Remix.run Logo
ben_w 2 days ago

> Freely available on the web doesn't mean it's in the Public Domain.

Doesn't need to be.

> The "lawfully obtained" part of your argument is patently untrue. You can legally obtain something, but that doesn't mean any use of it is automatically legal as well.

I didn't say "any" use, I said this specific use. Here's the quote from the judge who decided this:

  5. OVERALL ANALYSIS.
  After the four factors and any others deemed relevant are “explored, [ ] the results [are] weighed together, in light of the purposes of copyright.” Campbell, 510 U.S. at 578. The copies used to train specific LLMs were justified as a fair use. Every factor but the nature of the copyrighted work favors this result. The technology at issue was among the most transformative many of us will see in our lifetimes.
- https://storage.courtlistener.com/recap/gov.uscourts.cand.43...
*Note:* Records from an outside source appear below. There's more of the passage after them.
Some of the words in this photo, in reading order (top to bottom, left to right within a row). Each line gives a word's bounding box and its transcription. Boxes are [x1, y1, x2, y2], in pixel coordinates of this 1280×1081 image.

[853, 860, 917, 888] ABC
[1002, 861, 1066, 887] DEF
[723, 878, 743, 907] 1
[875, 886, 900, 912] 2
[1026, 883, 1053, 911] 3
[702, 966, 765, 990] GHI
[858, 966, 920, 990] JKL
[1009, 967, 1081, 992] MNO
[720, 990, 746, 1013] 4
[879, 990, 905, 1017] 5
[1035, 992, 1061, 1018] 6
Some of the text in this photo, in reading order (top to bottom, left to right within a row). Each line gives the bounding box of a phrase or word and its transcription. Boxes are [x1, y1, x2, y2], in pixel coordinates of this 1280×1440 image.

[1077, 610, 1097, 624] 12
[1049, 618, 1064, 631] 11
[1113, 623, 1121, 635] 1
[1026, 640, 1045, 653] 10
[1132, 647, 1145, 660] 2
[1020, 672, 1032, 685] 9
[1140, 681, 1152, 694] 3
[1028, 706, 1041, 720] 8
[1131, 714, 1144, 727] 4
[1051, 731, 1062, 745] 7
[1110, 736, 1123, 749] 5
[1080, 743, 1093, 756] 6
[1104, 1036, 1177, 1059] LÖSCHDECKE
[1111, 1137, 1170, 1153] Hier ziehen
> Otherwise, the recent Spotify dump by Anna's Archive would be legal as well.

I specifically said copyright infringement was separate. Because, guess what, so did the judge the next paragraph but one from the quote I just gave you.

> For instance, since the advent of LLM crawling, I've added the "No Derivatives" clause to the CC license of anything new I publish to the web. It's still freely accessible, can be shared on, etc., but it explicitly prohibits using it for training ML models. I even add an additional clause to that effect, should the legal interpretation of CC-ND ever change. In short, anyone training an LLM on my content is infringing my rights, period.

It will be interesting to see if that holds up in future court cases. I wouldn't bank on it if I was you.